|Ph.D Student||Bahar Gal|
|Subject||Designing for Efficient Social Learning|
|Department||Department of Industrial Engineering and Management||Supervisors||PROF. Rann Smorodinsky|
|PROF. Moshe Tennenholtz|
|Full Thesis text|
In the on-line Explore & Exploit literature, central to Machine Learning, a mediator is faced with a set of alternatives, each yielding some unknown reward. The mediator's goal is to learn the optimal alternative as soon as possible, via experimentation. A typical assumption in this model is that the mediator has full control over the experiment design and implementation. When experiments are implemented by a society of self-motivated agents the mediator can only recommend experimentation but has no power to enforce it.
There is an inherent conflict between the mediator and the agents. The mediator is far sighted and would like agents to experiment with unfamiliar arms even if they are a-priori inferior. Agents, on the other hand, are myopic and want to pull the arm that maximizes the payoff in the given round. Thus, when a mediator recommends which arm to choose he must account for the fact that his recommendation will not be adopted. In my thesis I analyze optimal protocols for the mediator that account for the conflict of interest and the incentives of the agents.
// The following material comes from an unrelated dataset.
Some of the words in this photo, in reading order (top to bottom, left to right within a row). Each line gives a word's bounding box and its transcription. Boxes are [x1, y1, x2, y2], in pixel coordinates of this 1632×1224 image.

Kremer et al.  are the first to introduce such a model. They study a basic setting in which agents are completely isolated and cannot observe each other. They identify a protocol that is incentive compatible for the agents but is also asymptotically optimal. For the mediator in the sense that the mediator can steer the agents towards the optimal arm.
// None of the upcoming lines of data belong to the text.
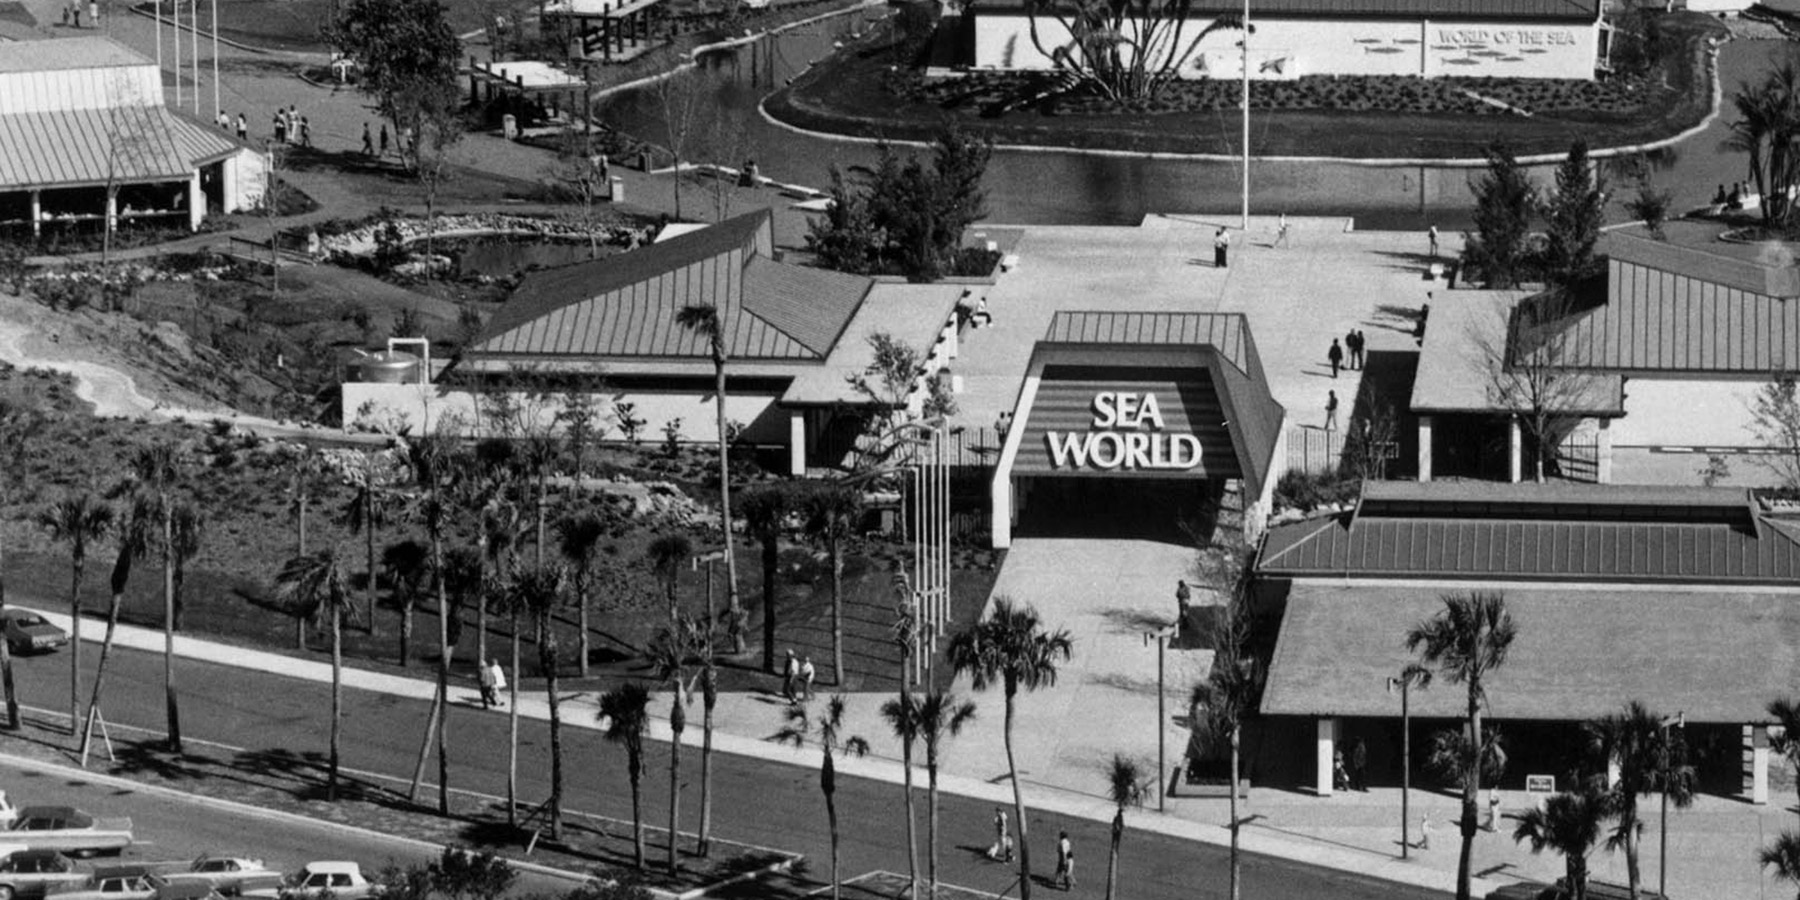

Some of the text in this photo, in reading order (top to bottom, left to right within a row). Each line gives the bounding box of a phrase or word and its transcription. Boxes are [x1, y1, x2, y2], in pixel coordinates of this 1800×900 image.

[1438, 30, 1576, 46] WORLD OF THE SEA
[1092, 391, 1165, 429] SEA
[1046, 431, 1203, 469] WORLD
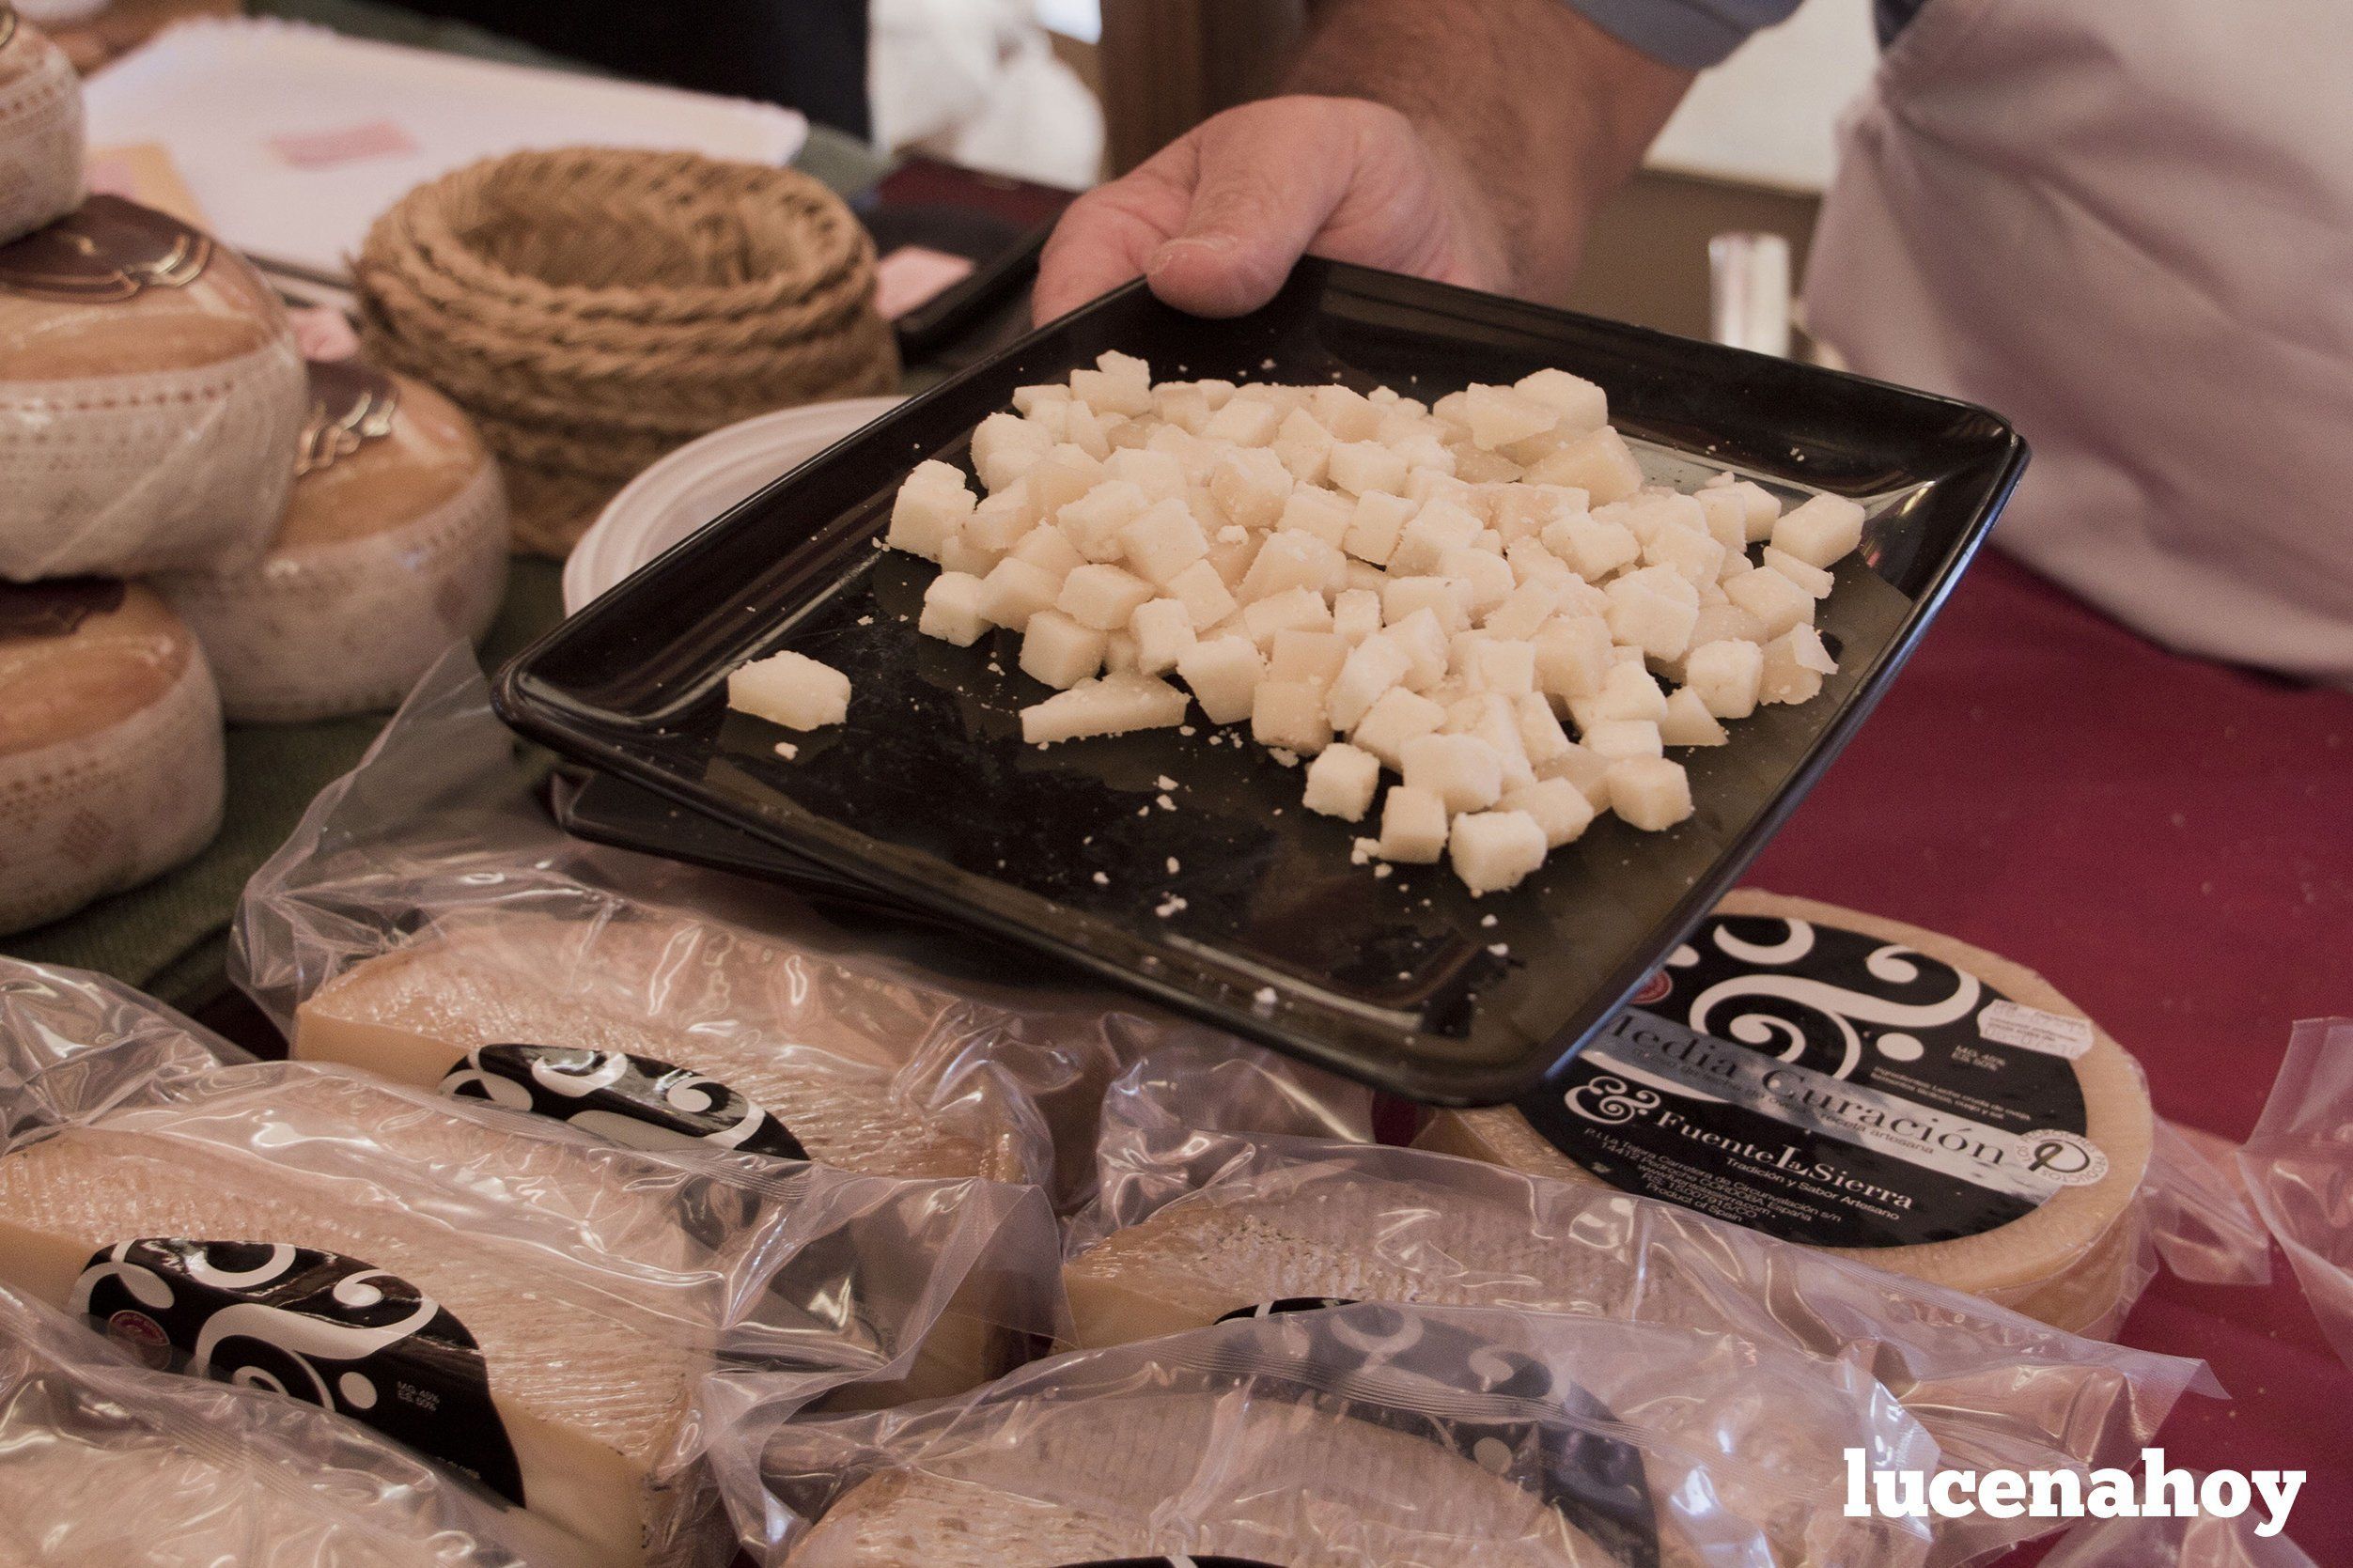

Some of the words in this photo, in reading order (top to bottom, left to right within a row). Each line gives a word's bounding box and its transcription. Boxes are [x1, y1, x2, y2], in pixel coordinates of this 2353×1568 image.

[1762, 1068, 2004, 1165] Curación
[1869, 1129, 1934, 1155] artesana
[1601, 1141, 1641, 1160] 14412
[1641, 1156, 1698, 1182] Pedroche
[1645, 1182, 1692, 1204] Product
[1694, 1200, 1707, 1209] of
[1707, 1205, 1743, 1223] Spain
[1658, 1156, 1713, 1179] Carretera
[1715, 1175, 1732, 1186] de
[1733, 1182, 1819, 1215] Circunvalación
[1820, 1210, 1842, 1222] s/n
[1726, 1157, 1785, 1184] Tradición
[1785, 1177, 1797, 1188] y
[1798, 1181, 1839, 1200] Sabor
[1840, 1195, 1900, 1219] Artesano
We extend Kremer et al.  by adding a layer of a social network according to which agents can observe each other. For our first main result I assume agents can only observe each other’s’ action (and not the reward). I provide a characterization of the social network structure, in terms of a bound on how many other agents can each agent observe, for which an incentive-compatible asymptotically optimal protocol exists. I, furthermore, construct such a protocol when it exists.
Next, I consider a model where agents observe not only each other’s actions but also the rewards as well. Observing rewards complicates the challenge and so I study a specific setting where agents arrive sequentially and must pull one of two arms in order to receive a reward - a risky arm and a safe arm. In addition, each agent only observes his immediate predecessor. Once again, I provide the mediator with a recommendation algorithm that is incentive compatible and facilitates social learning.
Third, instead of considering the power of a mediator recommending agents that are connected by a social graph, we give the mediator the power to influence the connectivity of the social graph. In this part the central question we pose is whether there is a natural social graph that prevents the information cascade phenomenon. We introduce the `celebrities graph' and prove that indeed it allows for proper information aggregation in large populations even when the order at which agents decide is random and even when different issues are decided in different orders.